Removal of Popcorn Ceiling, Pooper Scooper Saves the Day!!!!

5 Materials
4 Hours

I have always wanted to remove the popcorn ceiling in my home, not knowing how I started in the smallest room in the house, the bathroom!!

In this picture I finally found my phone!!! (Phew)....

I tried a squeegee, a scrub brush, a swifter using just the prongs that holds the material pad, a small plastic rake I use to brush my shag rug, but OVERALL the best method was a .69 cent popper scooper.

The before picture of the bathroom ceiling.

It was a messy dusty disaster. Cover your eyes, wear glasses, and a nose/mouth mask.

The very best method - I was so afraid to use a scraper for fear of gouging the Sheetrock.

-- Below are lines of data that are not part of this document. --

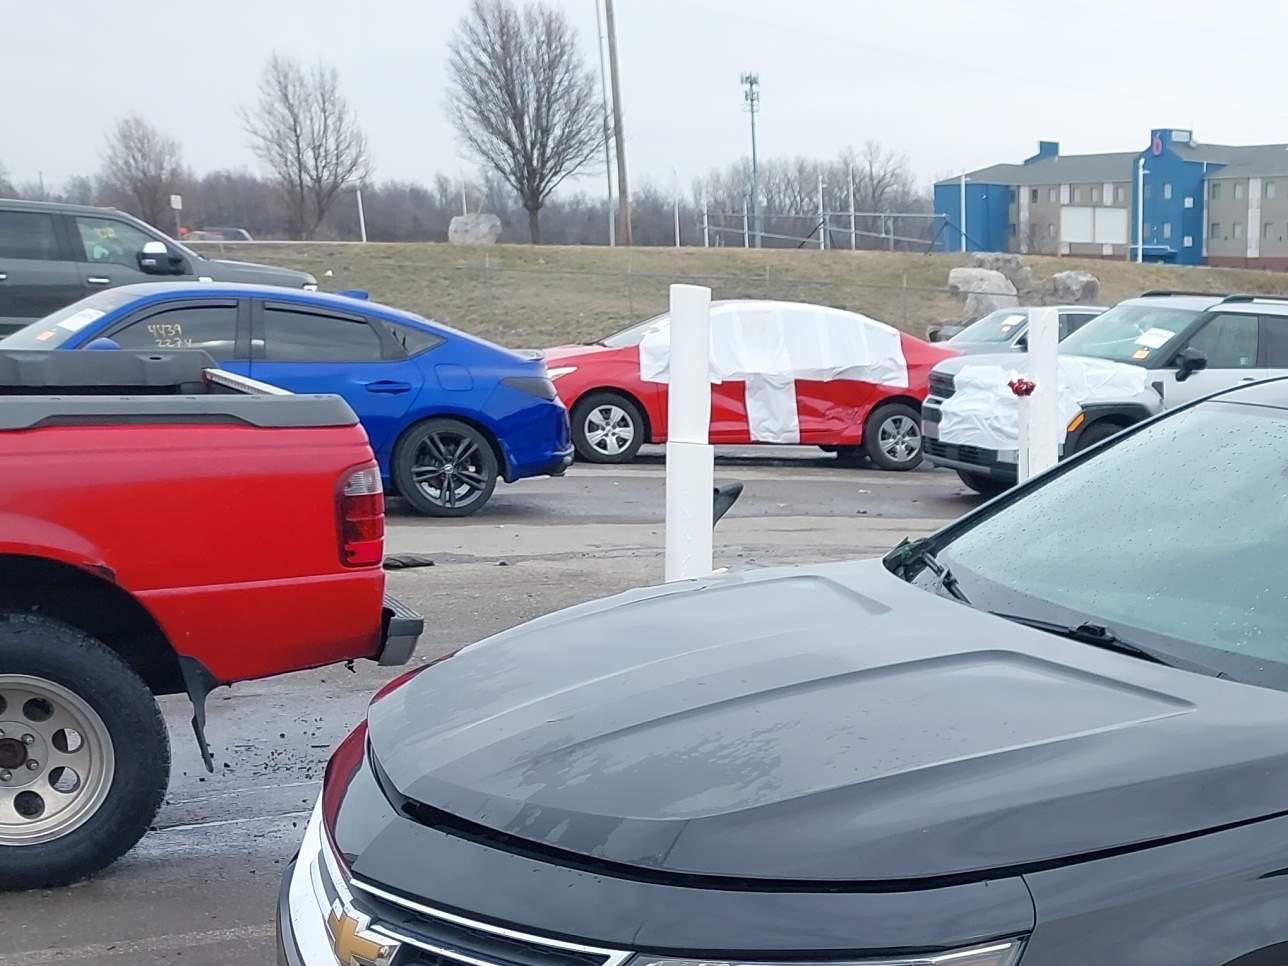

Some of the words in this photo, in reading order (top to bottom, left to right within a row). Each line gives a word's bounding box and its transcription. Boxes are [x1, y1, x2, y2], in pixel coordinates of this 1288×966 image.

[1152, 131, 1163, 156] 6
[147, 323, 182, 338] 4439
[155, 337, 192, 348] 2274
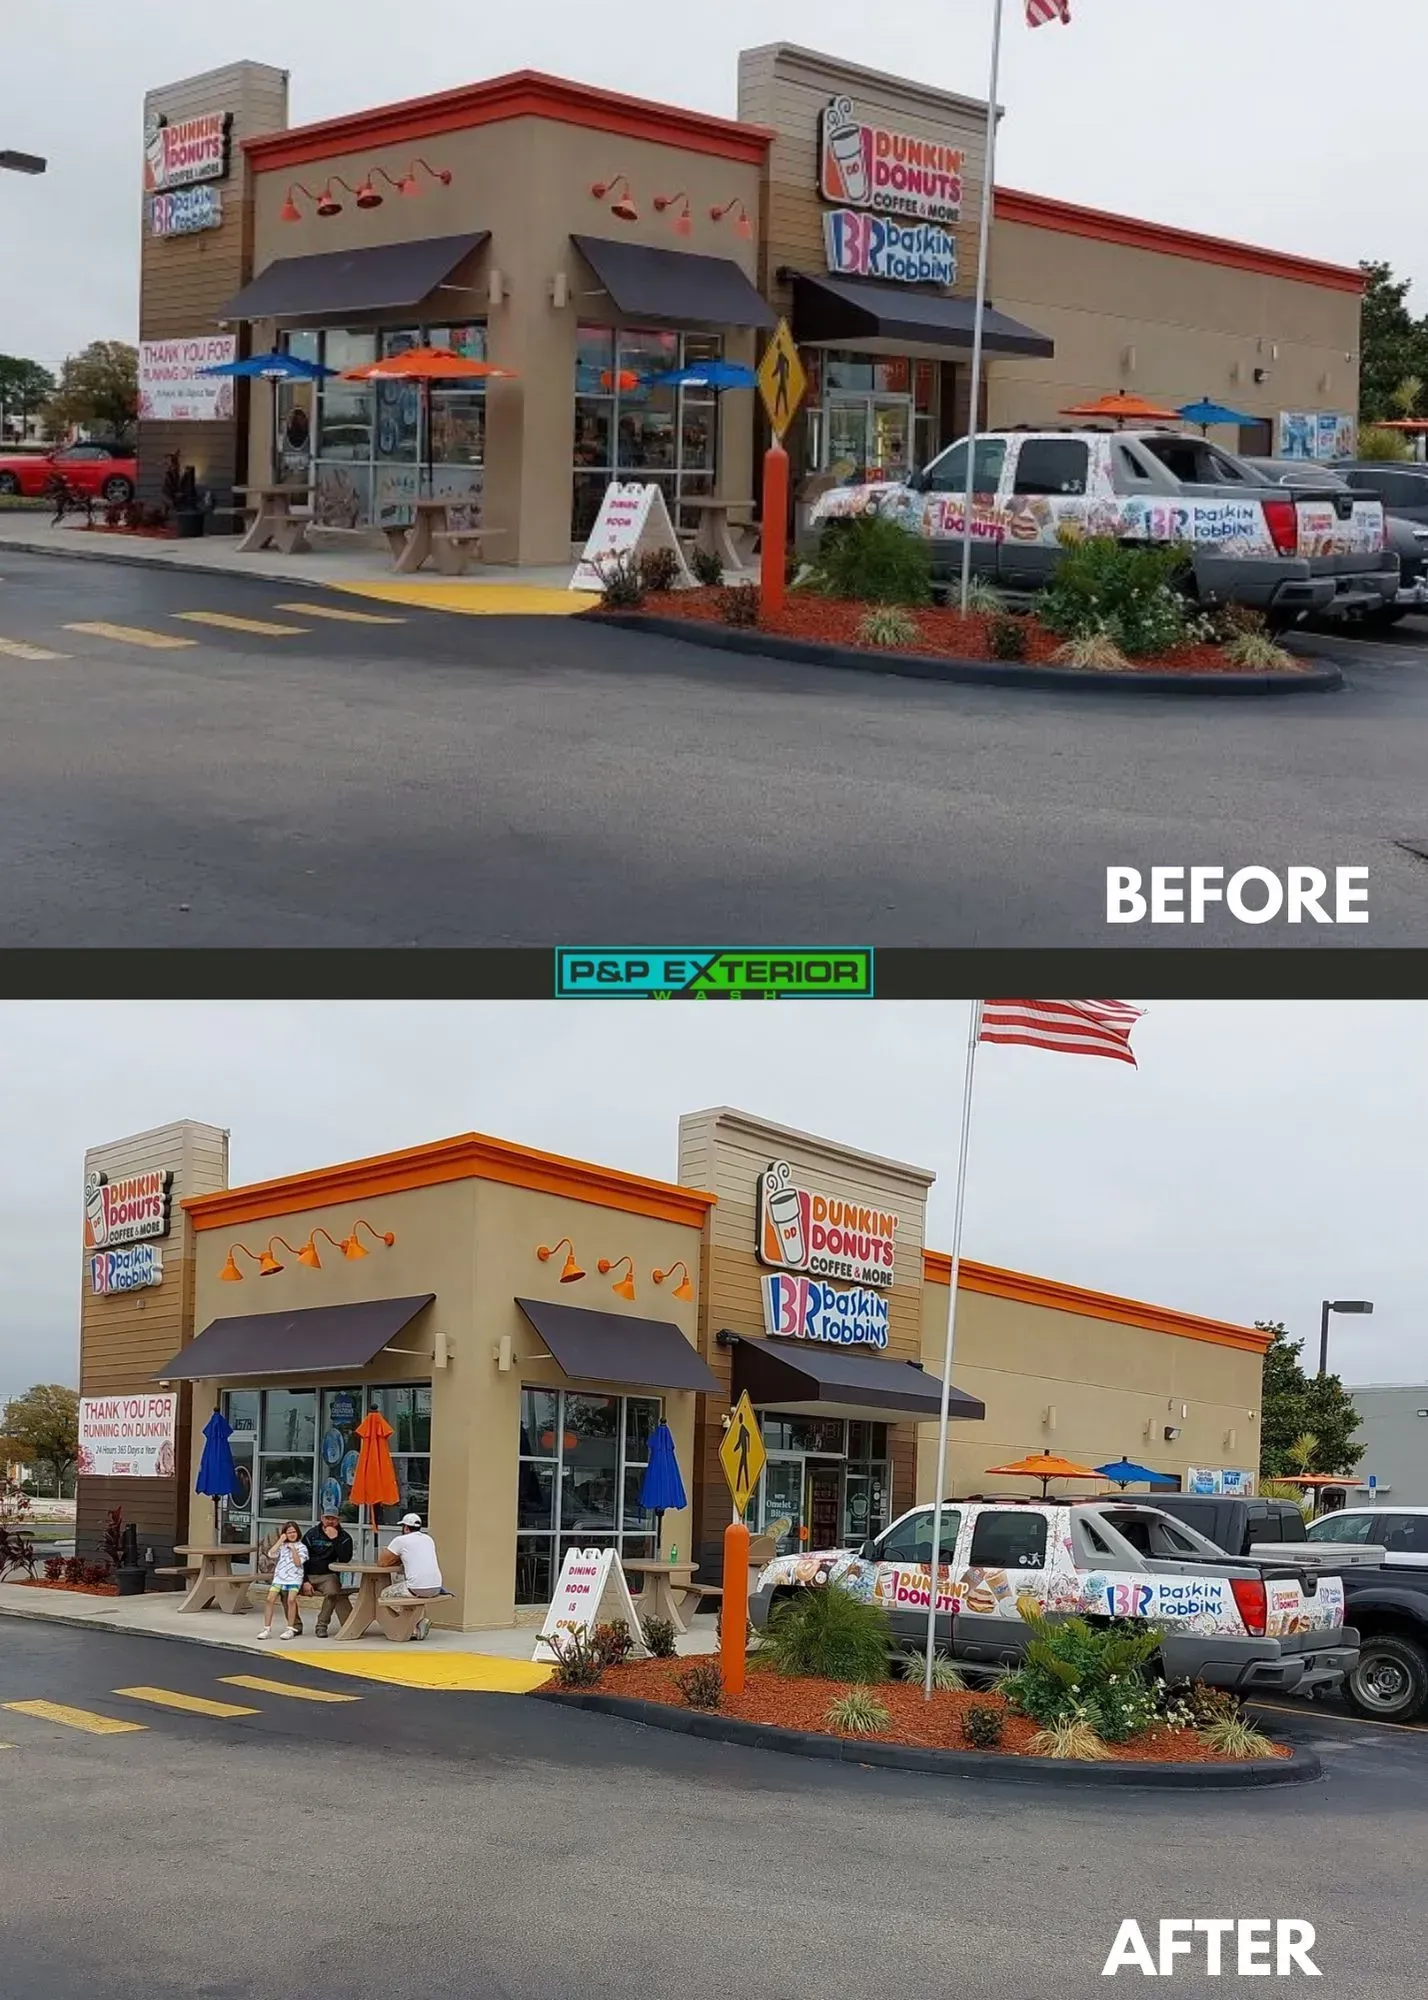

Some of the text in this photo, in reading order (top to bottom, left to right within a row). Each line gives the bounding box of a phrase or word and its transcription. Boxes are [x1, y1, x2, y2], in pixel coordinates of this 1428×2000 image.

[170, 138, 220, 167] DONUTS
[875, 131, 965, 174] DUNKIN'
[875, 160, 962, 203] DONUTS
[873, 192, 918, 213] COFFEE
[928, 205, 961, 223] MORE
[831, 211, 886, 275] BR
[144, 341, 232, 363] THANK YOU FOR
[1145, 507, 1189, 539] BR
[111, 1171, 163, 1204] DUNKIN'
[110, 1195, 160, 1226] DONUTS
[812, 1195, 898, 1239] DUNKIN'
[110, 1227, 134, 1242] COFFEE
[140, 1221, 160, 1236] MORE
[784, 1226, 797, 1240] DD
[812, 1224, 894, 1266] DONUTS
[92, 1254, 116, 1293] BR
[810, 1256, 893, 1286] COFFEE & MORE
[770, 1275, 822, 1337] BR
[84, 1399, 172, 1420] THANK YOU FOR
[84, 1422, 172, 1437] RUNNING ON DUNKIN!
[568, 1567, 597, 1576] DINING
[565, 1584, 590, 1594] ROOM
[1106, 1584, 1154, 1616] BR
[568, 1602, 577, 1611] IS

This .69 cent dollar store scooper was a brilliant way to prevent that from happening.

Didn’t take long to remove the popcorn but several fresh air breaks were necessary. It’s hard to see clearly but the little balls are gone. NO gouging at all on the Sheetrock.

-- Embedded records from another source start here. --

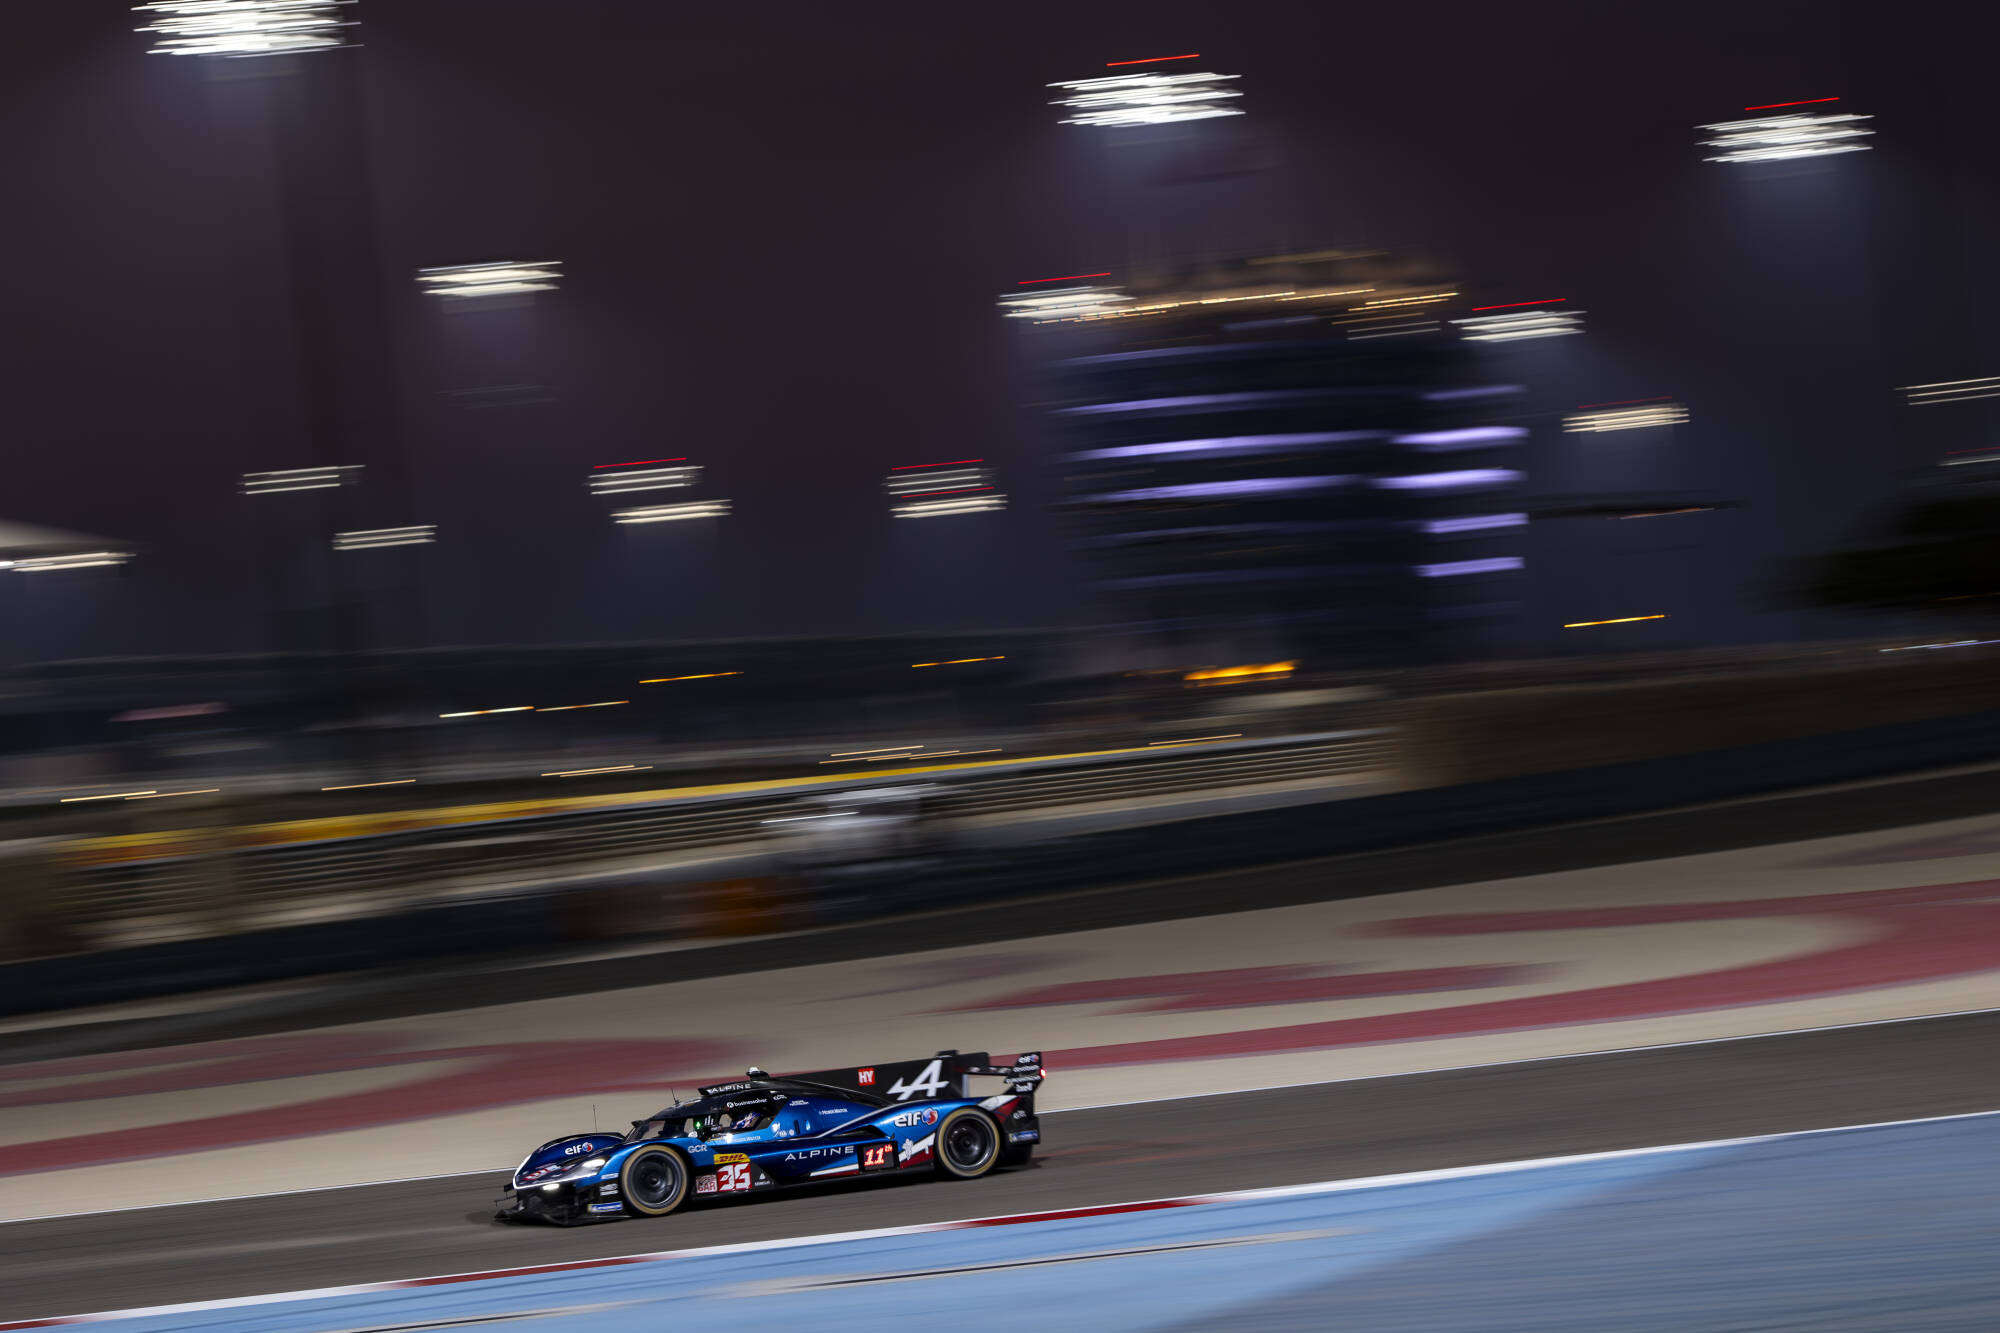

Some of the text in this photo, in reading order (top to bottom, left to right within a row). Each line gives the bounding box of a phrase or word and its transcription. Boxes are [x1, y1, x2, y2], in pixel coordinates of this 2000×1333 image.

[858, 1070, 874, 1084] HY
[711, 1083, 751, 1095] ALPINE
[894, 1111, 922, 1127] elf
[564, 1145, 583, 1155] elf
[687, 1144, 708, 1153] GCR
[784, 1145, 855, 1162] ALPINE
[719, 1154, 745, 1163] DHL
[717, 1163, 750, 1191] 35

This side is ready for paint. I used a piece of folded sandpaper to remove the few balls left in the corner where the wall meets the ceiling. I can see clearly from this picture that my AC vents need painting

This is what I mean about the nooks. No biggie, actually quite quick.

This is a picture of my kitchen. The popcorn is everywhere kitchen, dining room, halls, closets, both bedrooms AND the garage!!!!!


It’s SUCH A MESSY JOB that I think I will look into covering the popcorn in the remainder of the house with a tin ceiling.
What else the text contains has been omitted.